I know all about the whole break-them-down-and-build-them-up routine. I've seen it close-up, and it's brutal but often highly effective (at least in the short term). But man, that guy was rough. All's well that ends well, I guess. You want brutal? Here's some scary stuff …
    Given that he is only 20, Strasburg may have a couple of more miles per hour left in his right arm, but nobody with his best interests at heart wants to see him throw any harder. "It's better to throw 105 than 95, but it's better to throw 95 and be on the field than be in a trainer's room telling people you used to throw 105," says Glenn Fleisig, a research director at American Sports Medicine Institute in Birmingham who studies pitching. "The harder you throw, the more success you have, but you're pushing your body to higher demand." Strasburg is already stretching his limits. A person throwing a 90-mph fastball rotates his arm at a rate of 22 times per second. The more rotations, the more strain. As Stephen's father, Jim, a real estate developer, puts it, "I'm hoping he's maxed out." No one understands better than Gwynn what's at stake. He only uses Strasburg once a week and limits him to about 115 pitches. "I won't let him leave his arm here," Gwynn says.

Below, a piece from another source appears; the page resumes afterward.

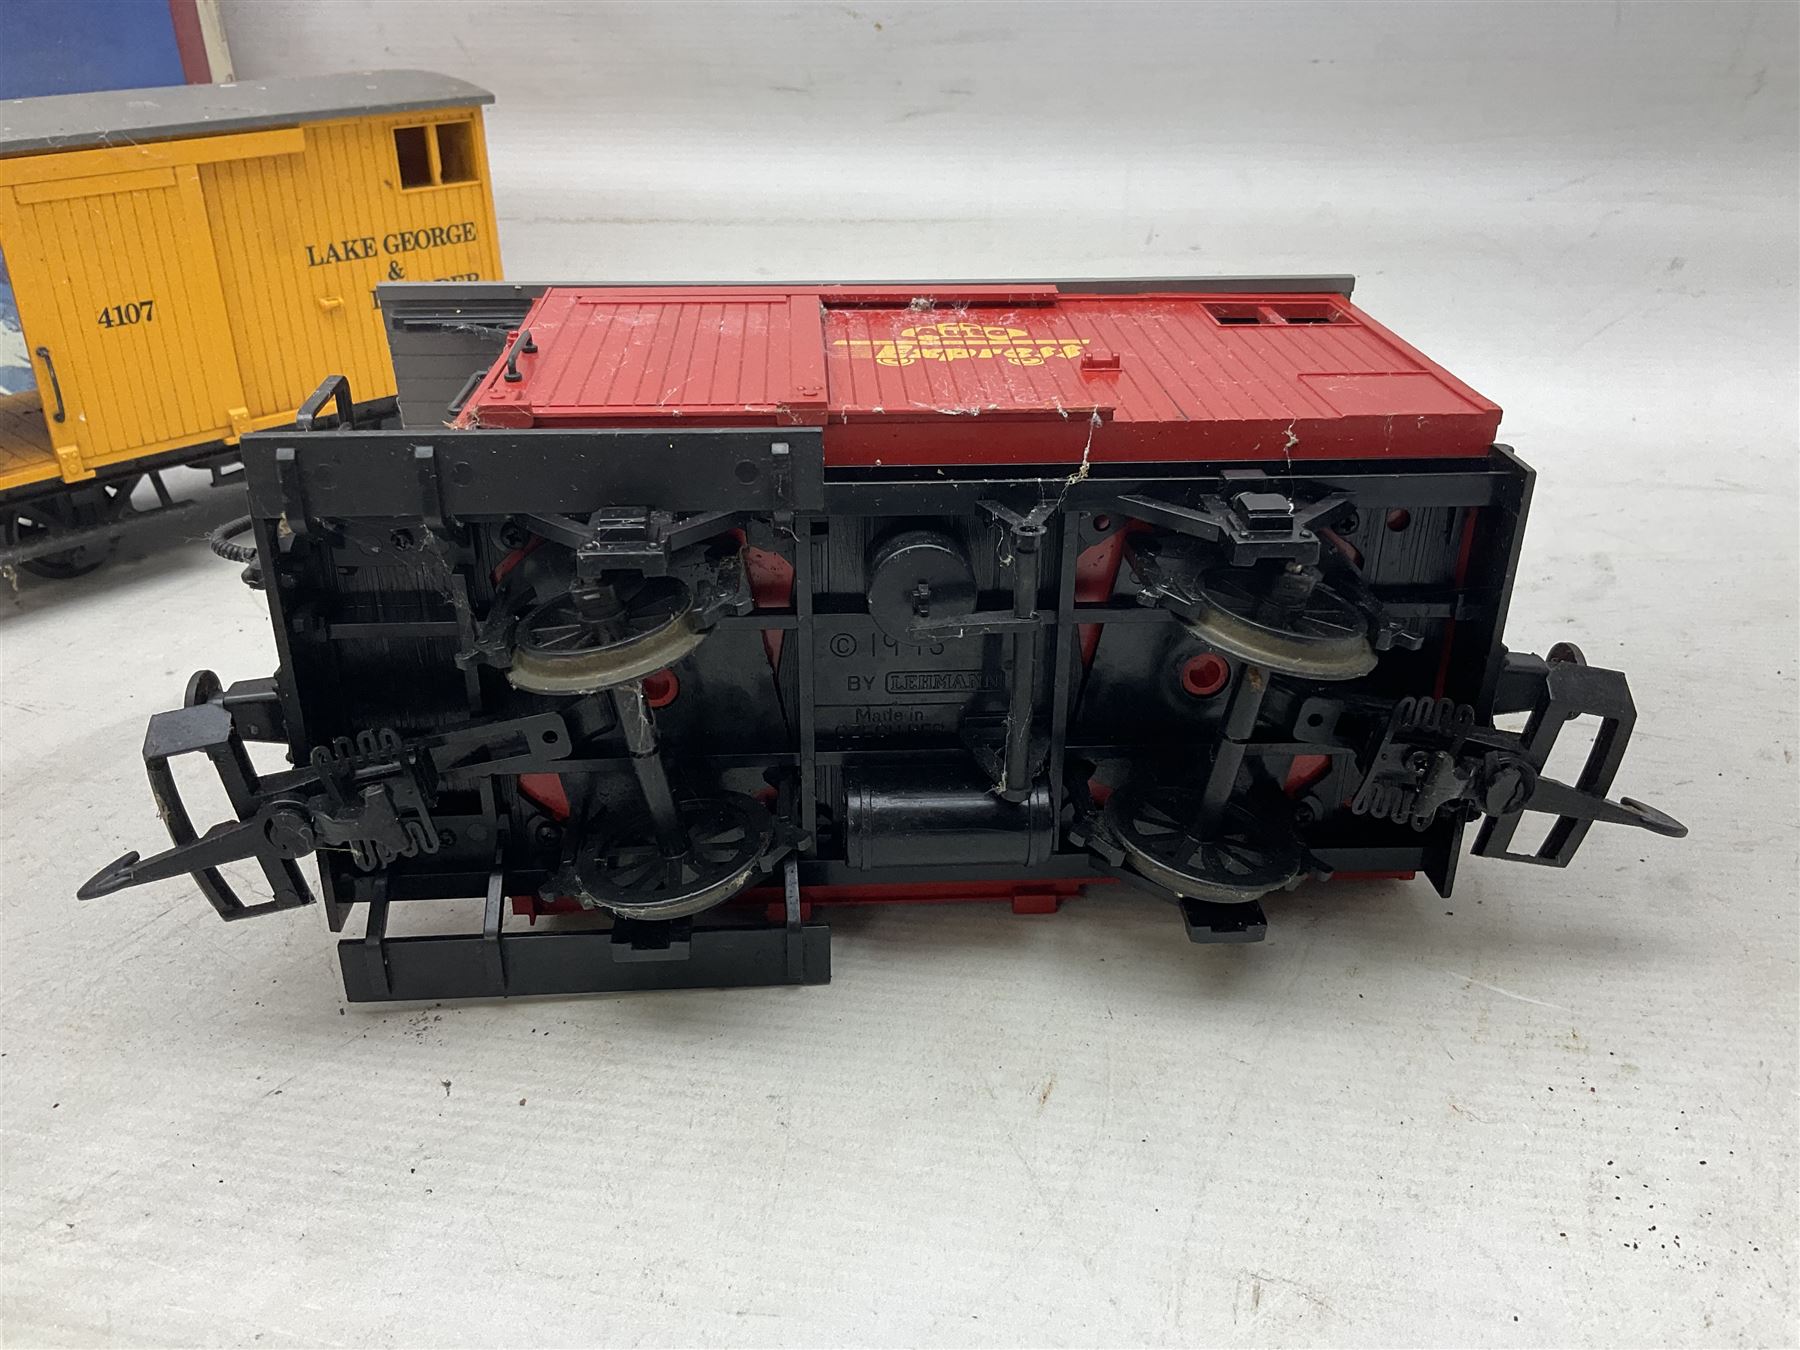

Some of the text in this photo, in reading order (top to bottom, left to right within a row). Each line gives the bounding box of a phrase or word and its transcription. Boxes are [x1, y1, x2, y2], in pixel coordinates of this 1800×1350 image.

If Strasburg were pitching professionally, he wouldn't be allowed to throw 115 pitches. Not when he's 20, and maybe not when he's 21. (We'll find out next spring.) On the other hand, if he were pitching professionally, he would pitch more than once per week. So maybe that's sort of a wash. (We can only hope.) As for this business about throwing 105 … please, no. Every time we see a young pitcher doing things that seem practically impossible -- Kerry Wood and Francisco Liriano come to mind -- it turns out those things are impossible. Strasburg has struck out nearly 20 batters per nine innings this spring. That's plenty impossible enough. I don't know if throwing 105 is possible. For Strasburg's sake -- and frankly, for mine as a baseball fan -- I hope we don't find out. Because while 105 might well be possible, I'd be shocked if it were possible for long. And I want to see this guy pitch for a long time.